Closed dafhafhajfajfna closed 1 year ago

dafhafhajfajfna commented 1 year ago

I encountered a problem in the multimodal splitting part of data preprocessing. How can I fuse the 4 modal data (t1, t2, t1ce, flair) in the Brats dataset and make a json file so that each modal data can be correctly split in the preprocessing part?

FabianIsensee commented 1 year ago

Have you seen this script already? https://github.com/MIC-DKFZ/nnUNet/blob/master/nnunetv2/dataset_conversion/Dataset137_BraTS21.py It's all in there :-)

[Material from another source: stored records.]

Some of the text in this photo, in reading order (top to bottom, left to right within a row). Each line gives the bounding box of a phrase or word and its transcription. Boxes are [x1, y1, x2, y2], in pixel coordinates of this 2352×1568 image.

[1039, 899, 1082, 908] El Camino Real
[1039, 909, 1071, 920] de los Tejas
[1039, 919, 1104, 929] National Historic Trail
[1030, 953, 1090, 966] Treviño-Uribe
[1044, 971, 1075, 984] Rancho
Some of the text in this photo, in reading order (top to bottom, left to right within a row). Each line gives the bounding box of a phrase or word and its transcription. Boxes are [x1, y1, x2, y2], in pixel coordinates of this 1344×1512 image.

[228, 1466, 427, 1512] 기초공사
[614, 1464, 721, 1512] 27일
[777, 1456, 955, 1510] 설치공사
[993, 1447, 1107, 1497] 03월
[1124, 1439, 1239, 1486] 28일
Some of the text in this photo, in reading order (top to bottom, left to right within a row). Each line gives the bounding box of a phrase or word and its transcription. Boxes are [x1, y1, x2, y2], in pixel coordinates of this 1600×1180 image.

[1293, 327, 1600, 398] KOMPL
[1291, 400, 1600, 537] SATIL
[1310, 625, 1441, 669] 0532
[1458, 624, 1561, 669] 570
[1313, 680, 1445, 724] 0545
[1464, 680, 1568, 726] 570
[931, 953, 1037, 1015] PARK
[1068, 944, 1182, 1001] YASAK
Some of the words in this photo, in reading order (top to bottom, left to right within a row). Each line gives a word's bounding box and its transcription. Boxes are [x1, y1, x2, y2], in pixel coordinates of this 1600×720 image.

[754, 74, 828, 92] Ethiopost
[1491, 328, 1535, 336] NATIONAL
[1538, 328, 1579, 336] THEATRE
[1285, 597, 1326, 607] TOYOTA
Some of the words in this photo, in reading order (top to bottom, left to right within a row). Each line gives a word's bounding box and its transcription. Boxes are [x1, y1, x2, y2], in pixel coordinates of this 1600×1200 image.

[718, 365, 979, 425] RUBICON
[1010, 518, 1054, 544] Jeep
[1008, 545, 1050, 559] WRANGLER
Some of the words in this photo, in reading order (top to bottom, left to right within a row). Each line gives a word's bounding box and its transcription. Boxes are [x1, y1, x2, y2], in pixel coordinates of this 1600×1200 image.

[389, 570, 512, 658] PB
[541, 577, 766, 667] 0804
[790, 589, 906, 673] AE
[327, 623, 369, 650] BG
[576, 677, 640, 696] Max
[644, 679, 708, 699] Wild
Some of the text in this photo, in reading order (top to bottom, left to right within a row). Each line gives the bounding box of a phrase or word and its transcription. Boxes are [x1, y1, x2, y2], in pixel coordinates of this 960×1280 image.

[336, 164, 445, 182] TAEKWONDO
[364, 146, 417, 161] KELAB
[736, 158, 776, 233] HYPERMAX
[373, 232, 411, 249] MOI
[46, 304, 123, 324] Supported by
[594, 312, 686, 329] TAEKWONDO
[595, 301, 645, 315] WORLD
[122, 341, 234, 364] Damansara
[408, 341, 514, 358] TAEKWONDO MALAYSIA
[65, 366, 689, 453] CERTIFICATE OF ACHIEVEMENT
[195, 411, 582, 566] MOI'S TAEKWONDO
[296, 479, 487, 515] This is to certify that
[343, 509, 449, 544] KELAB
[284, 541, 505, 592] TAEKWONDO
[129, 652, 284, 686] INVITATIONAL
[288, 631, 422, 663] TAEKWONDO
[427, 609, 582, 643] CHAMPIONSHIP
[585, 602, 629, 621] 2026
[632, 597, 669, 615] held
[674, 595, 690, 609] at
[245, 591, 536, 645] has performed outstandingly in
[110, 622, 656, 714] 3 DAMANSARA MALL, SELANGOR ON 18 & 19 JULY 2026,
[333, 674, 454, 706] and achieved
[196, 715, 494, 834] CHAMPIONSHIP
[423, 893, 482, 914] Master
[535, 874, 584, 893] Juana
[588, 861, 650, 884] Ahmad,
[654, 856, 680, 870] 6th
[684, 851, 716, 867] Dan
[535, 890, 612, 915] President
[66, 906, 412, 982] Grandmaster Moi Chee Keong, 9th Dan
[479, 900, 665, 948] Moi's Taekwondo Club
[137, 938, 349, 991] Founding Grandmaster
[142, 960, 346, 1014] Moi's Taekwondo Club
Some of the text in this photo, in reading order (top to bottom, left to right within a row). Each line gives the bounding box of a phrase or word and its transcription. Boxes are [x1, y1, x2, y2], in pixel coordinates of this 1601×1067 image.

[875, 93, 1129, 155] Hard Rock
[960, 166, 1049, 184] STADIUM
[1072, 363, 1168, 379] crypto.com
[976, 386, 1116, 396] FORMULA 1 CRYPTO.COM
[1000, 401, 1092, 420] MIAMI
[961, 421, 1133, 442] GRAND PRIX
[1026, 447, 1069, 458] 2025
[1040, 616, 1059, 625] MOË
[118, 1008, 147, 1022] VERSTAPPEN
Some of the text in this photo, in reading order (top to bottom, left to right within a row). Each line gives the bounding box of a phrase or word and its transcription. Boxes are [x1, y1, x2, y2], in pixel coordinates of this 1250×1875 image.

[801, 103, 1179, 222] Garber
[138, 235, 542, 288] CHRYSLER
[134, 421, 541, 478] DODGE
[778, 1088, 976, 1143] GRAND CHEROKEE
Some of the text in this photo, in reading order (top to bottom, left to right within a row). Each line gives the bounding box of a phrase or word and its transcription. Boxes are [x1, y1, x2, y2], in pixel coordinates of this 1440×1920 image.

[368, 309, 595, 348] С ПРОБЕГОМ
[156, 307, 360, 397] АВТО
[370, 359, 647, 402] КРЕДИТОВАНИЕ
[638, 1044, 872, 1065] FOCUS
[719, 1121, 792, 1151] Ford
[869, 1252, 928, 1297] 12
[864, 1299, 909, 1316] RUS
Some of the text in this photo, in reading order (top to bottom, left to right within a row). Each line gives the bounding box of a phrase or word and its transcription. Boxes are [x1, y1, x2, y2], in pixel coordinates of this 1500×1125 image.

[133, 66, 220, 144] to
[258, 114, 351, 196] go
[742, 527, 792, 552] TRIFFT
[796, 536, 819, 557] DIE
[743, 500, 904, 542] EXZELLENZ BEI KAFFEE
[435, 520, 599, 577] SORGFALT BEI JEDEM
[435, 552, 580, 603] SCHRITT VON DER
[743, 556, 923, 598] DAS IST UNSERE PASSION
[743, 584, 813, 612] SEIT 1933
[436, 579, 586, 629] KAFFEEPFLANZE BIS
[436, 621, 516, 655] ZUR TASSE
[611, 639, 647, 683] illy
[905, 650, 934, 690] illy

jeb2112 commented 1 year ago

Is it possible to train the Unet on BraTS using only two of the four input channels? I ran training sessions with only T1ce and FLAIR in the imagesTr directory, and this completed without error. But when trying to make a prediction on my test data, I seem to require all four input channels in the imagesTs directory, even though the model was trained with two.

saikat-roy commented 1 year ago

@jeb2112 nnUNet can be customized to the number of input channels that you want to use on any dataset. Can you check if both your training and test data were converted properly to use the same number of channels and that this is reflected properly in the dataset json?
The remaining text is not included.